Fig. 4. EZH2 promotes proliferation of EC cells by directly repressing TCF3.

A Immunoblots of EZH2, TCF3, or p21 following knocking down of EZH2 or TCF3 individually or simultaneously in ISK (left) and KLE (right) cells. GAPDH was used as internal loading control. B, C Cellular proliferation measured by CCK8 (B) and colony formation (C) assays following knockdown of EZH2 or TCF3 individually or simultaneously in ISK and KLE cells (as indicated). **P < 0.01 vs. indicated control. D–F Photograph (D), tumor volumes (E), and tumor masses (F) of excised xenograft tumors from scrambled (Scr) control, EZH2-KD, TCF3-KD, and EZH2-KD + TCF3-KD groups.
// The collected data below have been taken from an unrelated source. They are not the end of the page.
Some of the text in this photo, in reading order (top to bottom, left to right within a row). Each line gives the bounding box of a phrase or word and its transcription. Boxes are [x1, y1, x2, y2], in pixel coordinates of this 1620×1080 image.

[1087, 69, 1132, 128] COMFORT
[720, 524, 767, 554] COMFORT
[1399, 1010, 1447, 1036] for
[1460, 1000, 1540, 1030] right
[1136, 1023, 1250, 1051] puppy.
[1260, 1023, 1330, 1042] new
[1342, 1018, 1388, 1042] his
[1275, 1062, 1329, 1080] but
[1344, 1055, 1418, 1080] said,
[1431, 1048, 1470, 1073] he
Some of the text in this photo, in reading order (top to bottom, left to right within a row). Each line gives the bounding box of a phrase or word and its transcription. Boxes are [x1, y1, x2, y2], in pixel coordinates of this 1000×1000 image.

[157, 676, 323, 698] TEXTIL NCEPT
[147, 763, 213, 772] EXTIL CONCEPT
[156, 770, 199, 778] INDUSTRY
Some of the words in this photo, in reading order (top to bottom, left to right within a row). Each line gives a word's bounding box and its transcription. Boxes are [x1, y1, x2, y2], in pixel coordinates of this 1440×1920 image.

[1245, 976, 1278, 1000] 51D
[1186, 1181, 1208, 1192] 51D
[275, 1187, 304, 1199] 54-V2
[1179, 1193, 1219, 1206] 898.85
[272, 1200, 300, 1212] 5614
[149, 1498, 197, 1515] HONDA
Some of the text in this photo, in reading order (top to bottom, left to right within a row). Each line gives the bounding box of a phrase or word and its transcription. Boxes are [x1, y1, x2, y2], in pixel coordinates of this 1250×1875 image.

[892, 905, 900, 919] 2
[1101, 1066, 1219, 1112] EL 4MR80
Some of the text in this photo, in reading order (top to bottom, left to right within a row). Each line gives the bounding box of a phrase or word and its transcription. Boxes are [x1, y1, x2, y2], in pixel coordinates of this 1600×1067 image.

Data are presented as the means ± SD; ***P < 0.001, *P < 0.05 vs. indicated control. G Western blotting analysis of indicated proteins in excised xenograft tumors from Scr control, EZH2-KD, TCF3-KD, and EZH2-KD + TCF3-KD groups. GAPDH and histone H3 were used as endogenous loading controls. H Pearson correlation scatter plot of H scores (protein levels) of EZH2 and TCF3 (left) or p21 (middle), or H scores (protein levels) of TCF3 and p21 (right) in human EC (n = 26).